각 stage에서 previous stage와 query encoder로부터 온 feature map간 skip connection을 이용한다.
최종적으로 object i에 대한 마스크인 Mi를 구한다.

Adaptive Feature Bank

AFB의 주요 특징은 새로운 feature를 흡수하고 구식은 제거하는 것이다.

Absorbing new features

대부분 최근의 프레임이 더 중요한 정보를 가지고 있지만 초기의 프레임도 필요한 정보를 담고 있을 수 있다.
그래서 초기 프레임을 단순히 무시하기 보다 이를 저장하고 weighted averaging을 이용하여 관리하는 방식을 취한다. 새로운 특징이 추출되고, 이전 특징과 충분히 가깝다면 이들을 merge 하므로써 중복된 정보를 저장하는 것을 피할 수 있다.

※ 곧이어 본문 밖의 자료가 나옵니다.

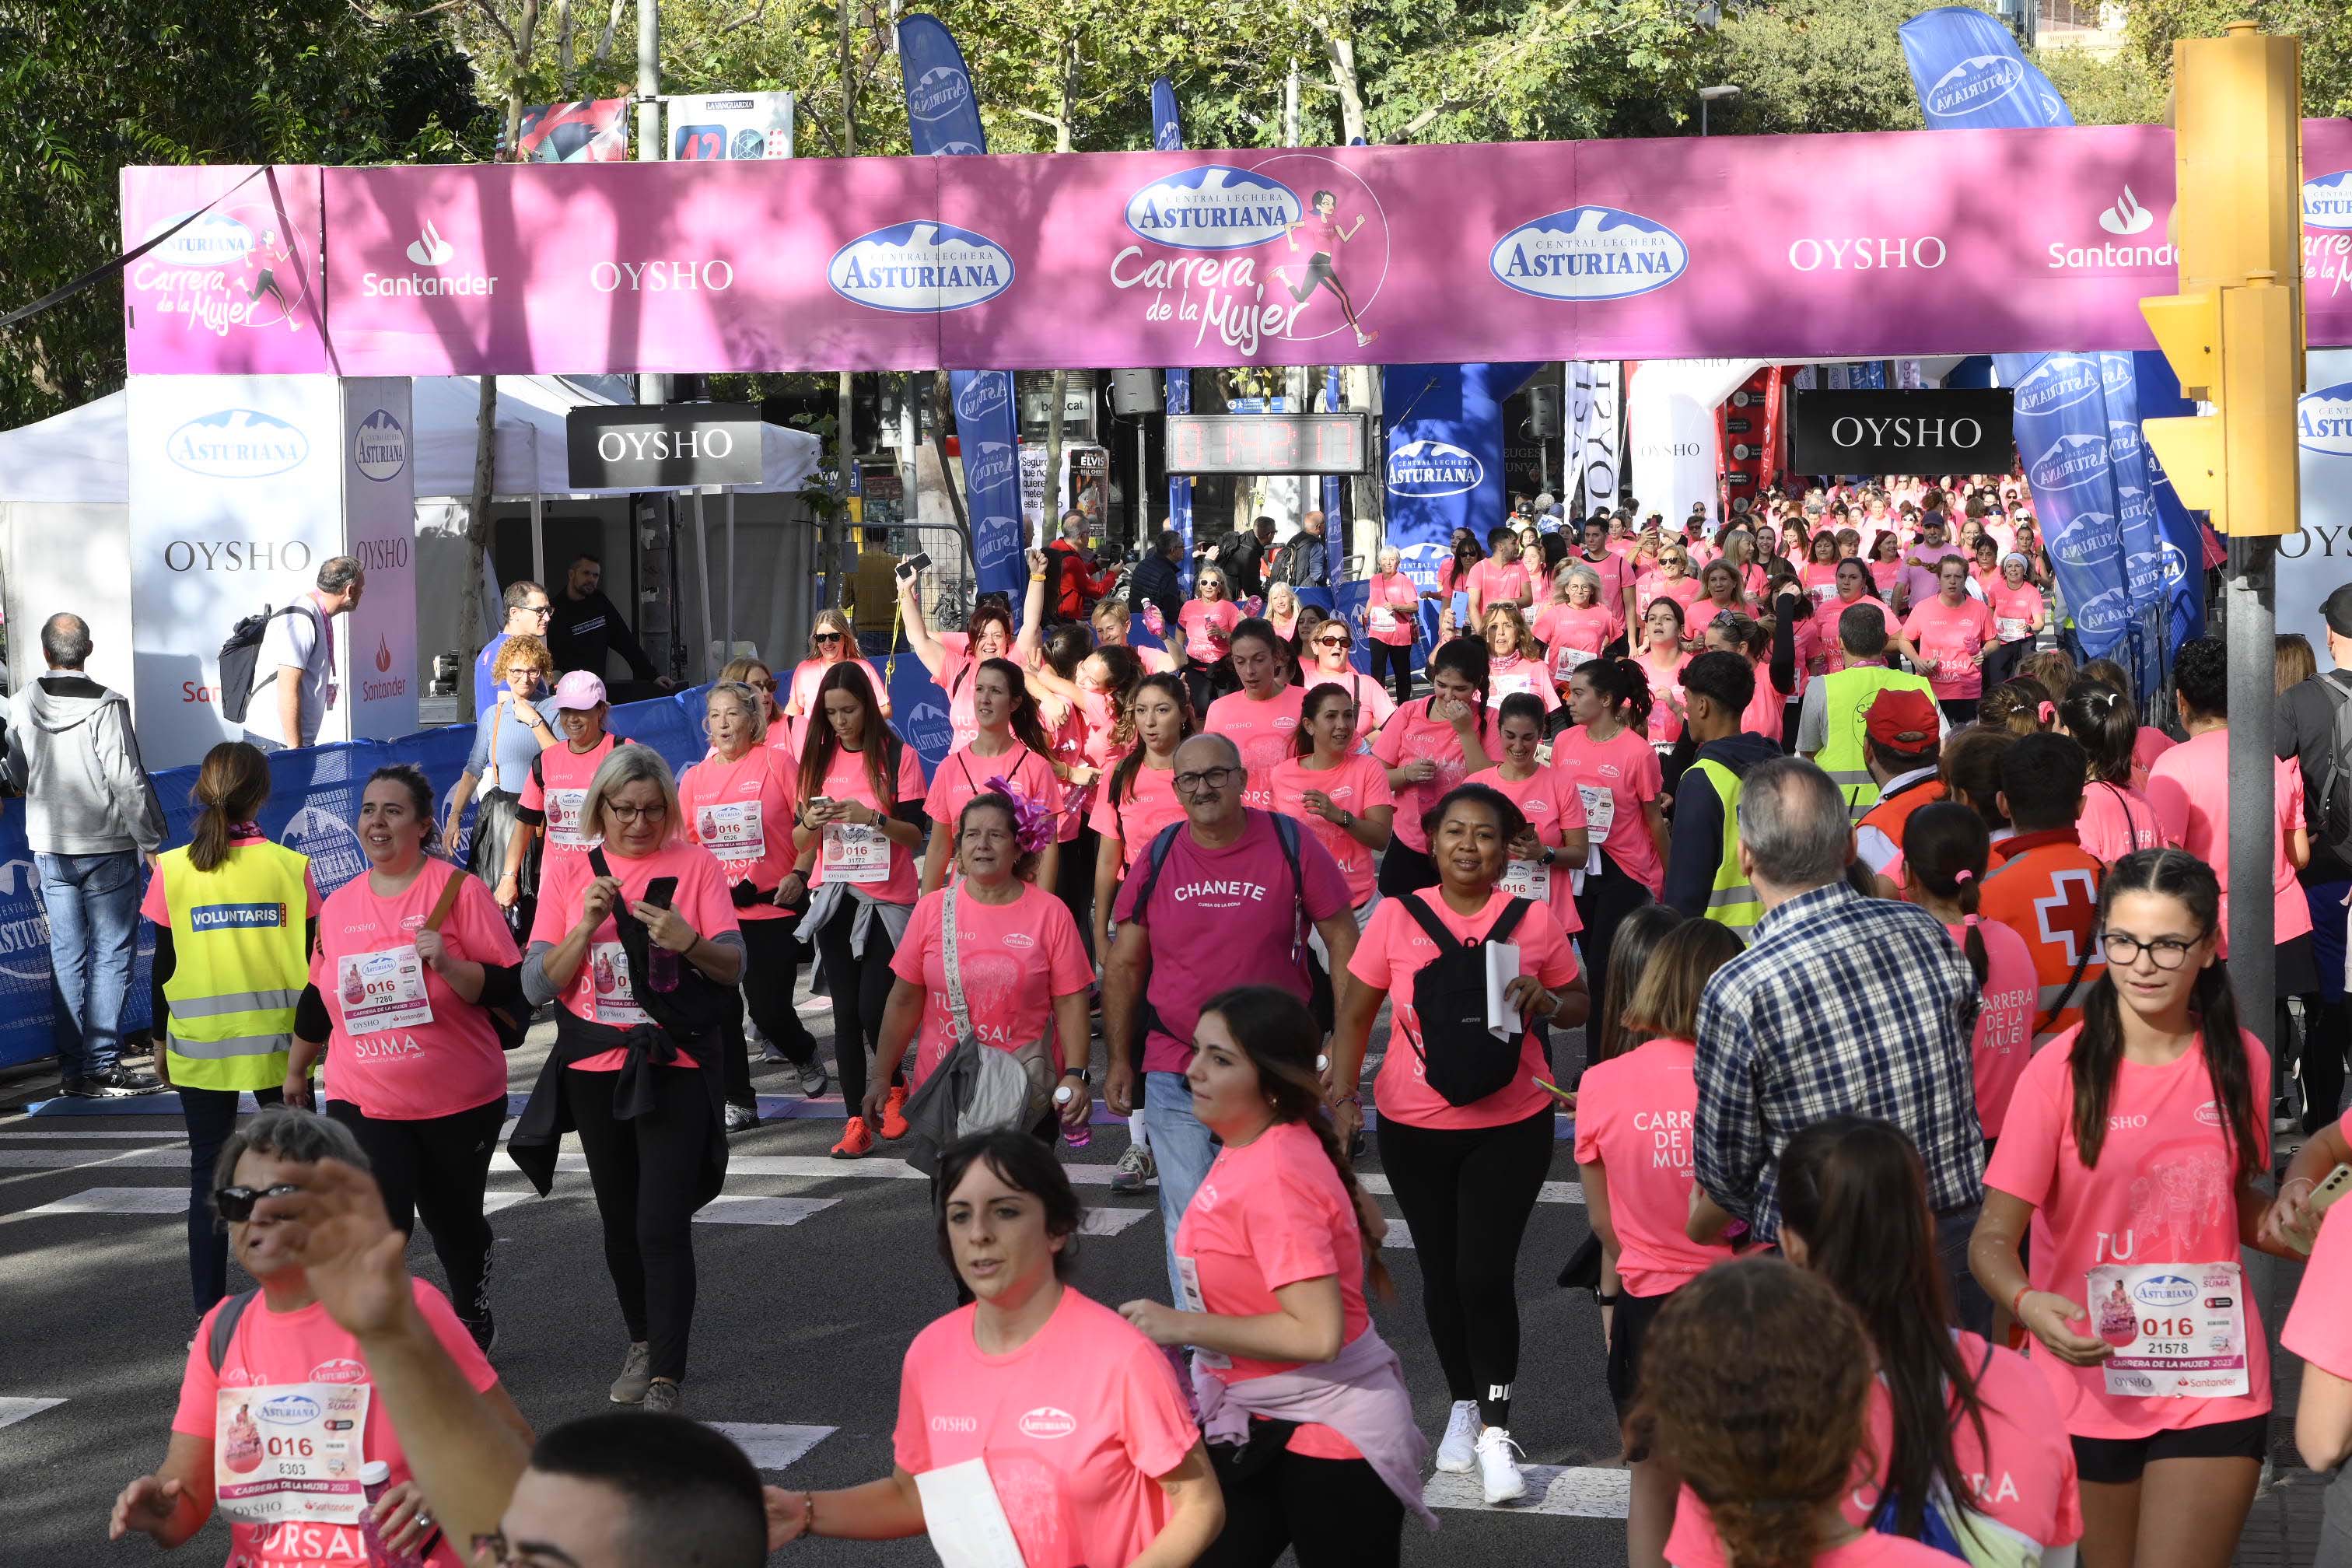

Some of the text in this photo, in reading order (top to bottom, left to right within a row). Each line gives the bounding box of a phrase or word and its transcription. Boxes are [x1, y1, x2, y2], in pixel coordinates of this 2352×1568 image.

[1165, 193, 1283, 204] CENTRAL LECHERA
[1138, 198, 1288, 229] ASTURIANA
[159, 236, 246, 251] STURIANA
[1536, 236, 1666, 249] CENTRAL LECHERA
[870, 250, 994, 261] CENTRAL LECHERA
[1505, 243, 1672, 278] ASTURIANA
[1789, 236, 1947, 271] OYSHO
[842, 256, 999, 290] ASTURIANA
[1110, 246, 1255, 289] Carrera
[134, 262, 225, 291] Carrera
[590, 259, 733, 292] OYSHO
[362, 272, 499, 297] Santander
[158, 292, 174, 312] de
[1146, 289, 1198, 321] de la
[187, 289, 261, 336] Mujer
[1195, 285, 1310, 356] Mujer
[1041, 400, 1083, 411] bc.cat
[1831, 417, 1983, 448] OYSHO
[178, 436, 299, 460] ASTURIANA
[358, 436, 403, 464] ASTURIANA
[597, 429, 733, 462] OYSHO
[1080, 457, 1104, 466] ELVIS
[1388, 464, 1476, 485] ASTURIANA
[1024, 499, 1038, 508] este
[2276, 525, 2352, 558] OY
[164, 541, 311, 571] OYSHO
[355, 537, 408, 570] OYSHO
[1932, 649, 1942, 658] TU
[1932, 671, 1959, 680] SUMA
[363, 677, 406, 702] Santander
[1226, 722, 1252, 730] OYSHO
[1405, 733, 1435, 743] OYSHO
[719, 824, 740, 834] 016
[846, 846, 868, 855] 016
[1174, 880, 1266, 901] CHANETE
[1503, 884, 1526, 893] 016
[192, 909, 278, 926] VOLUNTARIS
[345, 922, 375, 933] OYSHO
[364, 962, 394, 974] ASTURIANA
[366, 980, 395, 995] 016
[374, 996, 393, 1004] 7280
[353, 1007, 376, 1017] CARRERA
[399, 1013, 425, 1021] Santander
[1986, 1008, 2023, 1031] DE LA
[353, 1020, 380, 1030] OYSHO
[355, 1034, 421, 1058] SUMA
[1633, 1111, 1692, 1131] CARR
[1654, 1130, 1682, 1149] DE
[2095, 1229, 2133, 1262] TU
[2203, 1279, 2231, 1288] SUMA
[2139, 1287, 2193, 1299] ASTURIANA
[2142, 1318, 2193, 1336] 016
[2148, 1342, 2189, 1354] 21578
[2112, 1360, 2151, 1368] CARRERA
[315, 1369, 362, 1382] ASTURIANA
[2114, 1376, 2152, 1388] OYSHO
[2189, 1377, 2237, 1388] Santander
[261, 1406, 314, 1417] ASTURIANA
[327, 1402, 356, 1410] SUMA
[931, 1416, 977, 1432] OYSHO
[268, 1437, 313, 1456] 016
[279, 1463, 306, 1475] 8303
[235, 1482, 278, 1496] CARRERA
[303, 1482, 329, 1491] MUJER
[331, 1483, 349, 1492] 2023
[233, 1501, 282, 1517] OYSHO
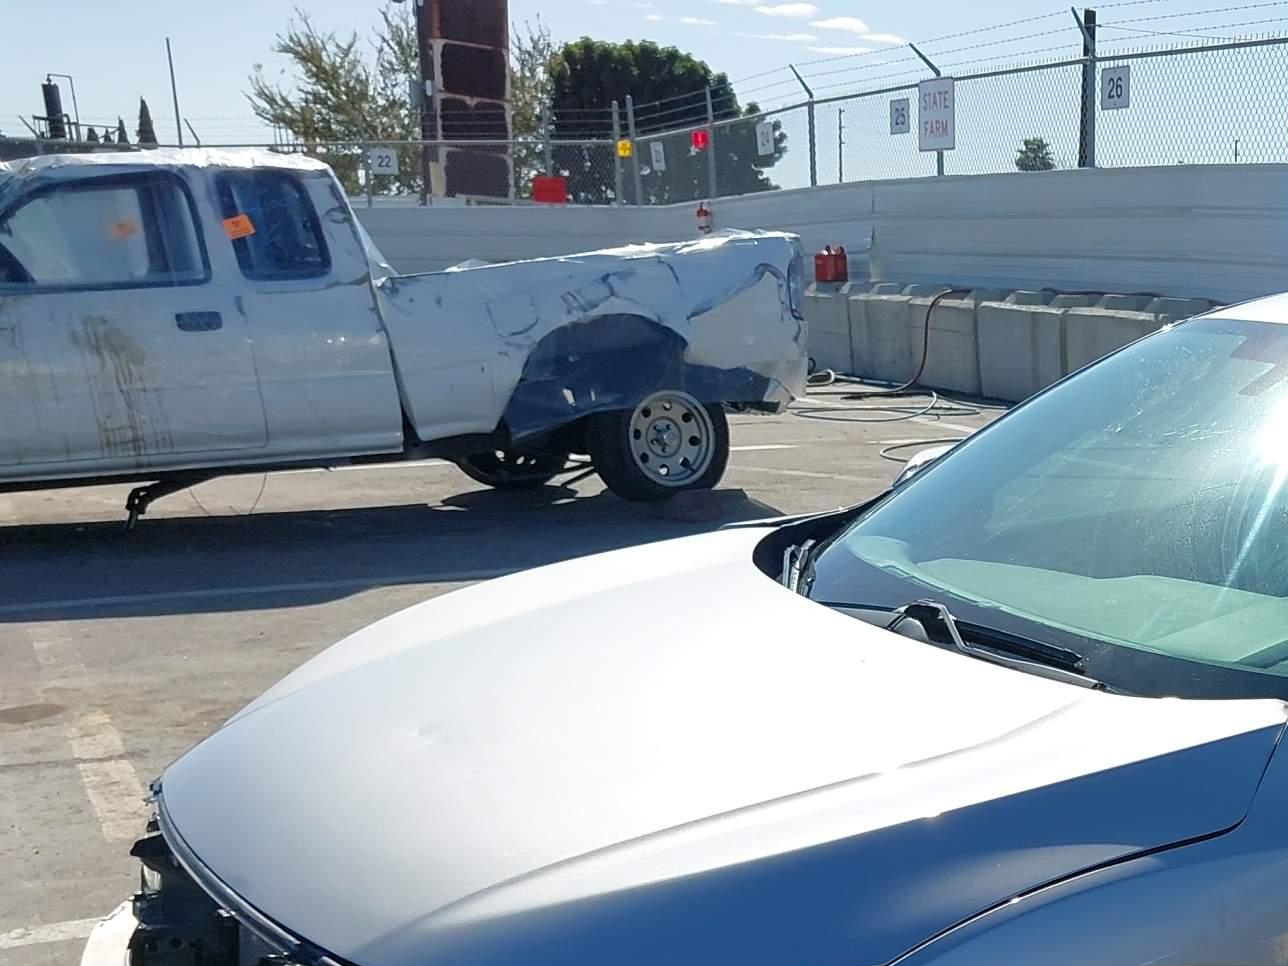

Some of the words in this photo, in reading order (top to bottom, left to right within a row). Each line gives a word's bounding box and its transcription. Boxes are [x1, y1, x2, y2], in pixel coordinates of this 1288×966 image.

[1107, 76, 1123, 100] 26
[922, 90, 950, 112] STATE
[894, 107, 906, 126] 25
[923, 119, 949, 140] FARM
[376, 154, 392, 168] 22
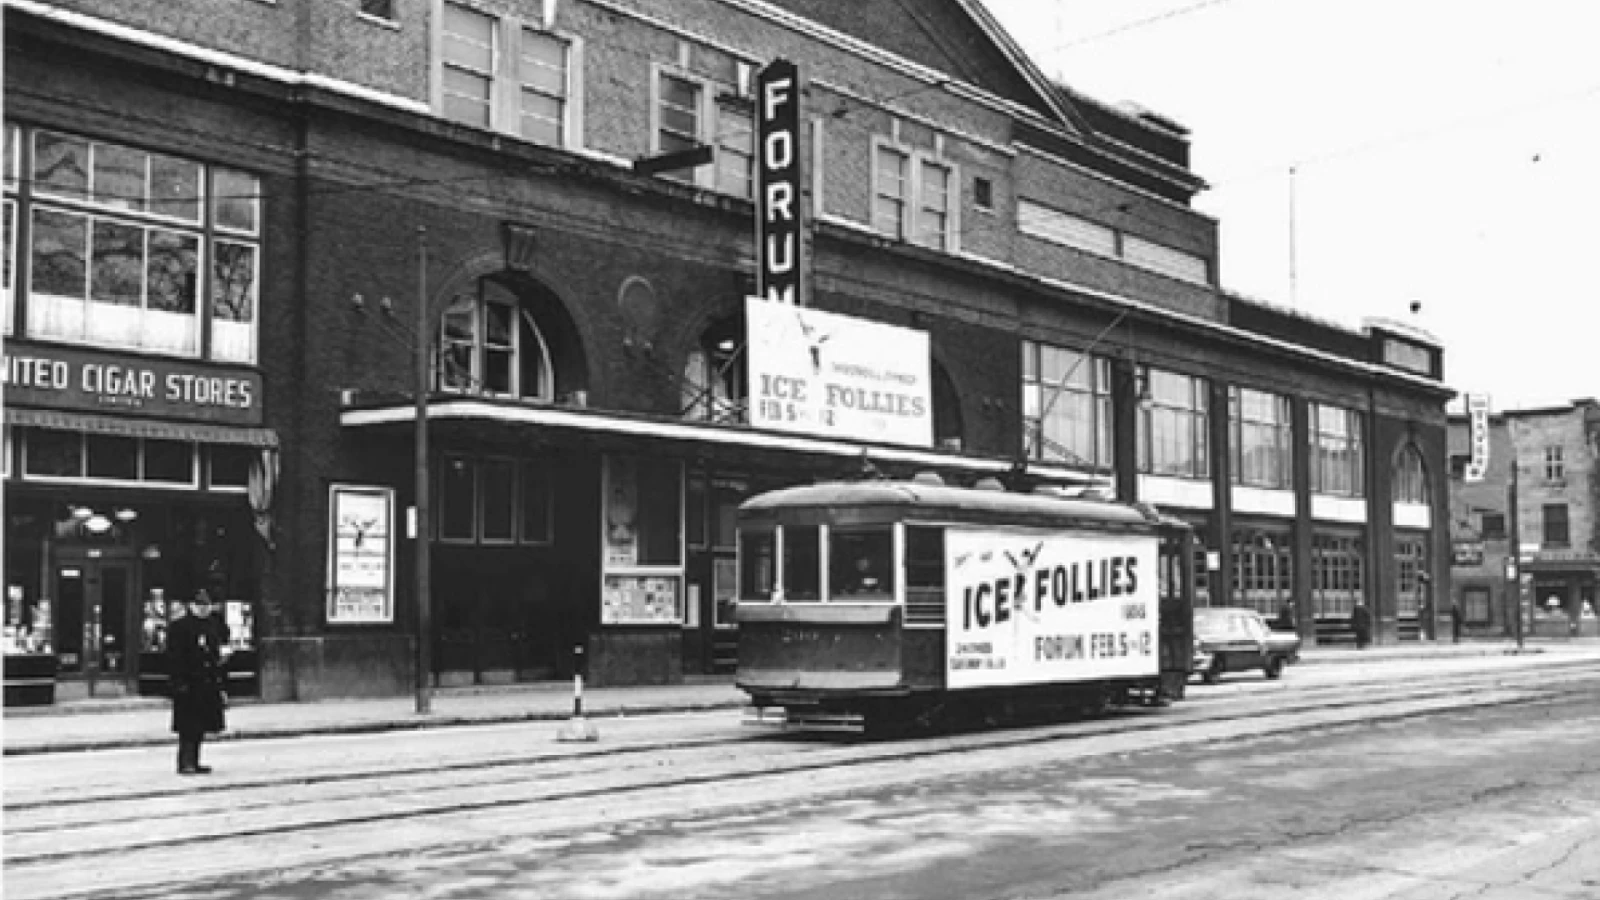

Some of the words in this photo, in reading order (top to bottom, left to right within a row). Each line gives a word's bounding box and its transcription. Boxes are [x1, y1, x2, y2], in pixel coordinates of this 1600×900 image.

[82, 363, 155, 399] CIGAR
[166, 374, 252, 408] STORES
[760, 374, 806, 402] ICE
[825, 383, 926, 417] FOLLIES
[963, 578, 1012, 631] ICE
[1035, 556, 1138, 612] FOLLIES
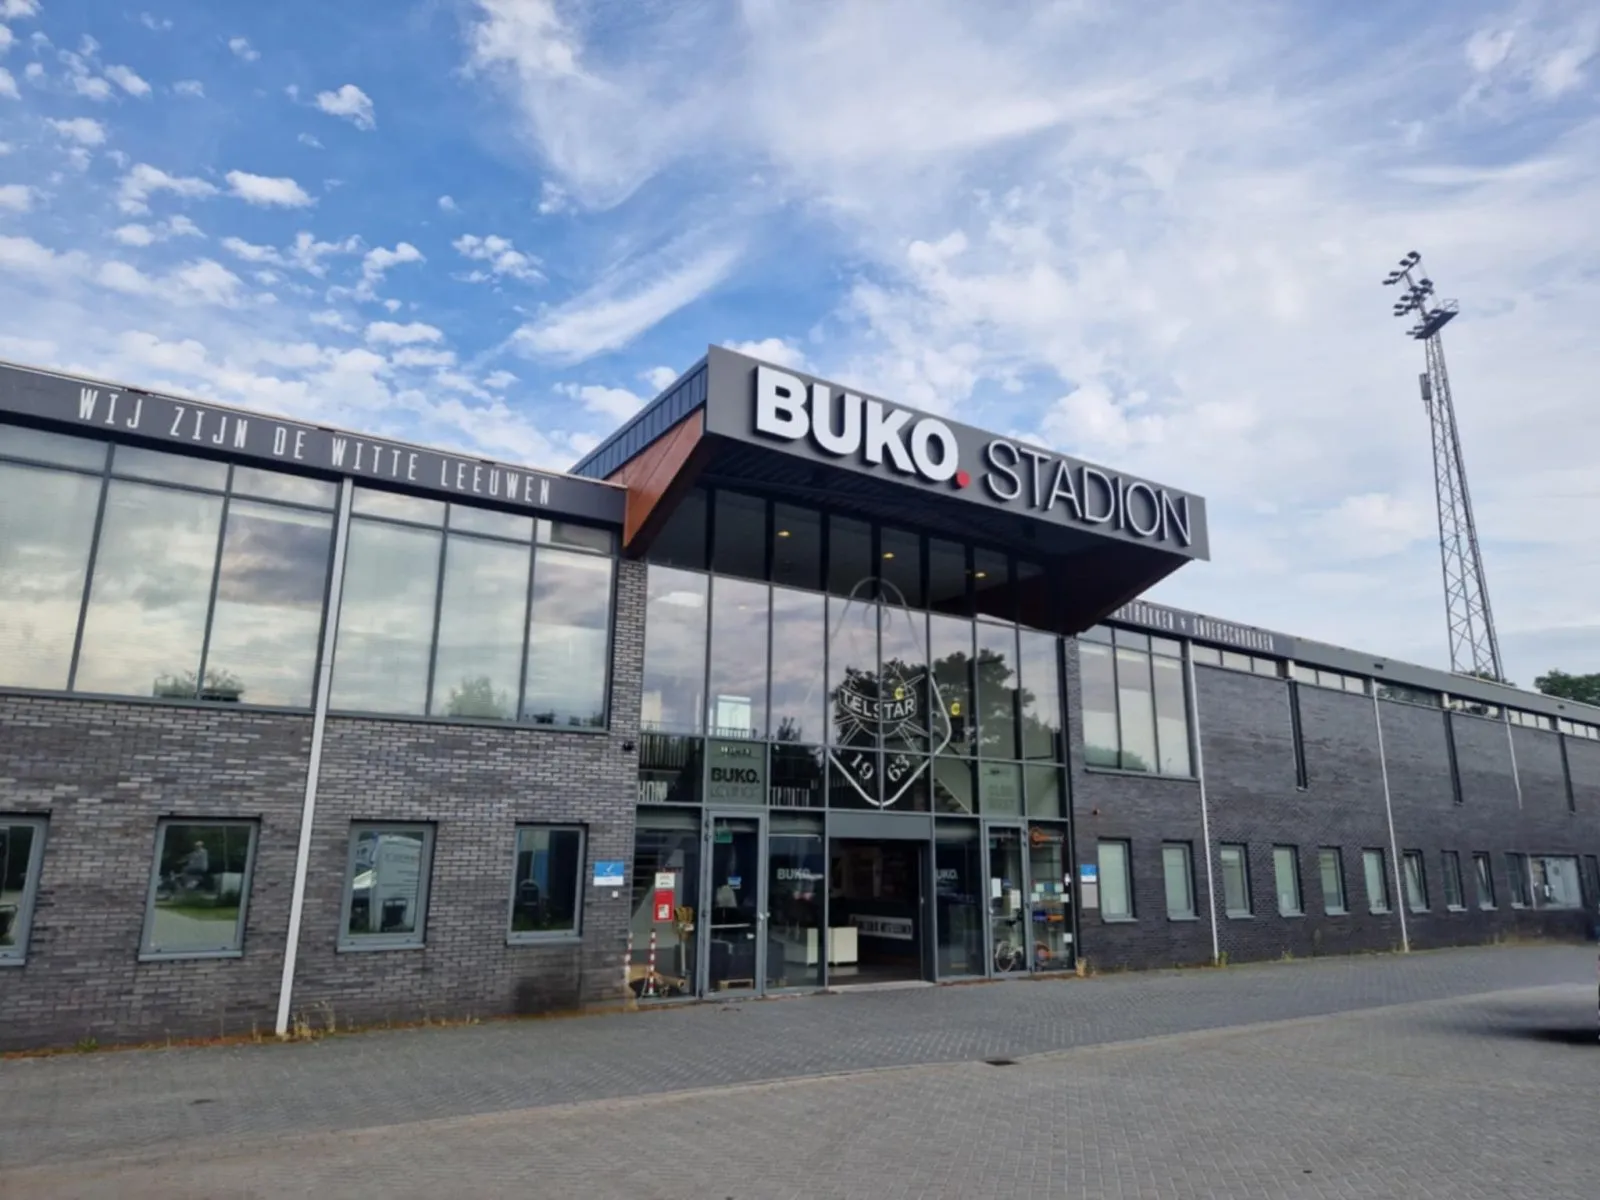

new feature embedding: a(i) = (Kp, Vp)
old feature embeddings: b(j) = (Kfb, Vfb)
Similarity Function:

a(i)에 대해서 가장 비슷한 b(j`)을 구한 후 merging을 수행

비슷하지 않으면 feature bank에 추가한다.

    def update(self, prev_key, prev_value, frame_idx):

        for class_idx in range(self.obj_n):

            d_key, bank_n = self.keys[class_idx].shape
            d_val, _ = self.values[class_idx].shape

            normed_keys = NF.normalize(self.keys[class_idx], dim=0)
            normed_prev_key = NF.normalize(prev_key[class_idx], dim=0)
            mag_keys = self.keys[class_idx].norm(p=2, dim=0)
            corr = torch.mm(normed_keys.transpose(0, 1), normed_prev_key)  # bank_n, prev_n
            related_bank_idx = corr.argmax(dim=0, keepdim=True)  # 1, HW
            related_bank_corr = torch.gather(corr, 0, related_bank_idx)  # 1, HW

            # greater than threshold, merge them
            selected_idx = (related_bank_corr[0] > self.thres_close).nonzero()
            class_related_bank_idx = related_bank_idx[0, selected_idx[:, 0]]  # selected_HW
            unique_related_bank_idx, cnt = class_related_bank_idx.unique(dim=0, return_counts=True)  # selected_HW

            # Update key
            key_bank_update = torch.zeros((d_key, bank_n), dtype=torch.float, device=self.device)  # d_key, THW
            key_bank_idx = class_related_bank_idx.unsqueeze(0).expand(d_key, -1)  # d_key, HW
            scatter_mean(normed_prev_key[:, selected_idx[:, 0]], key_bank_idx, dim=1, out=key_bank_update)
            # d_key, selected_HW

            self.keys[class_idx][:, unique_related_bank_idx] = \
                mag_keys[unique_related_bank_idx] * \
                ((1 - self.update_rate) * normed_keys[:, unique_related_bank_idx] + \
                 self.update_rate * key_bank_update[:, unique_related_bank_idx])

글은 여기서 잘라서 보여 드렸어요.